Description of the task:
Taking the line that contains "this 1200×1600 image." as the first, copy exactly every line through the last line of the records, and nothing else.

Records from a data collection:
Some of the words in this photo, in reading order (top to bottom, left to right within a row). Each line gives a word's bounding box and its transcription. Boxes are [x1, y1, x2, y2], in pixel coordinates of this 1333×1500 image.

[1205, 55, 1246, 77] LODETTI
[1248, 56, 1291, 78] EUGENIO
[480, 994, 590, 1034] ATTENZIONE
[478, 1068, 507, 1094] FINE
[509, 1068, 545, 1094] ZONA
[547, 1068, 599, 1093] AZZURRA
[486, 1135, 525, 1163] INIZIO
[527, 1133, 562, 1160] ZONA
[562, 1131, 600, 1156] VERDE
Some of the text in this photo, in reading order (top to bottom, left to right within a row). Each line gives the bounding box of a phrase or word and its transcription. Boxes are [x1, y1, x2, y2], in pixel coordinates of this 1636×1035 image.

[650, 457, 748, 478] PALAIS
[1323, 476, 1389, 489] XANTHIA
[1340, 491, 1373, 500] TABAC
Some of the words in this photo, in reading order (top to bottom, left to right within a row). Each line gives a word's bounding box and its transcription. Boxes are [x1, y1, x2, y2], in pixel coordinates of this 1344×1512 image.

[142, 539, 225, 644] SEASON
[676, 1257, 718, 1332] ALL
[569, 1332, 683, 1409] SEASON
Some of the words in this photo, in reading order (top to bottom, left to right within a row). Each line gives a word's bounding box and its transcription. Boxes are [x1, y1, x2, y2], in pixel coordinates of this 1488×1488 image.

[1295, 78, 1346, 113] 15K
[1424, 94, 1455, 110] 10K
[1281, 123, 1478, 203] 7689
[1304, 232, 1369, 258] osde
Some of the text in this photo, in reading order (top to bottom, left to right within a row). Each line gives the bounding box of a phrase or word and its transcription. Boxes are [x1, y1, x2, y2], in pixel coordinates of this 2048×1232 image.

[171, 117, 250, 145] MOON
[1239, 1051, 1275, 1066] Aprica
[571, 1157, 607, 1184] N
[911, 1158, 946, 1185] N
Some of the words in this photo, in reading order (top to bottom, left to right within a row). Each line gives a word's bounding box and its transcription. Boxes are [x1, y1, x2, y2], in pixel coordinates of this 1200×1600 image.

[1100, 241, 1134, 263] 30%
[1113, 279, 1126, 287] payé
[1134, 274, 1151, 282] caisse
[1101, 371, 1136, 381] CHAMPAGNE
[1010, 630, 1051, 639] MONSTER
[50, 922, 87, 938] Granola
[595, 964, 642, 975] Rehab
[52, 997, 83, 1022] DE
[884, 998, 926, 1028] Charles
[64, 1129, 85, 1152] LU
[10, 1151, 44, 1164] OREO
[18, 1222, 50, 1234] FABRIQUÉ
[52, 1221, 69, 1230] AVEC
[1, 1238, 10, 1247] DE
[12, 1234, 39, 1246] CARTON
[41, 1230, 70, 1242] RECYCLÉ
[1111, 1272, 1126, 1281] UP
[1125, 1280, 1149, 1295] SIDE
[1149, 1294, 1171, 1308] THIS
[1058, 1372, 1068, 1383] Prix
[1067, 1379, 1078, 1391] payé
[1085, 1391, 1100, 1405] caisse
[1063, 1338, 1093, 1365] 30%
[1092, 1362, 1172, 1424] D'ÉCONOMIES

Task answer:
Some of the words in this photo, in reading order (top to bottom, left to right within a row). Each line gives a word's bounding box and its transcription. Boxes are [x1, y1, x2, y2], in pixel coordinates of this 1200×1600 image.

[1100, 241, 1134, 263] 30%
[1113, 279, 1126, 287] payé
[1134, 274, 1151, 282] caisse
[1101, 371, 1136, 381] CHAMPAGNE
[1010, 630, 1051, 639] MONSTER
[50, 922, 87, 938] Granola
[595, 964, 642, 975] Rehab
[52, 997, 83, 1022] DE
[884, 998, 926, 1028] Charles
[64, 1129, 85, 1152] LU
[10, 1151, 44, 1164] OREO
[18, 1222, 50, 1234] FABRIQUÉ
[52, 1221, 69, 1230] AVEC
[1, 1238, 10, 1247] DE
[12, 1234, 39, 1246] CARTON
[41, 1230, 70, 1242] RECYCLÉ
[1111, 1272, 1126, 1281] UP
[1125, 1280, 1149, 1295] SIDE
[1149, 1294, 1171, 1308] THIS
[1058, 1372, 1068, 1383] Prix
[1067, 1379, 1078, 1391] payé
[1085, 1391, 1100, 1405] caisse
[1063, 1338, 1093, 1365] 30%
[1092, 1362, 1172, 1424] D'ÉCONOMIES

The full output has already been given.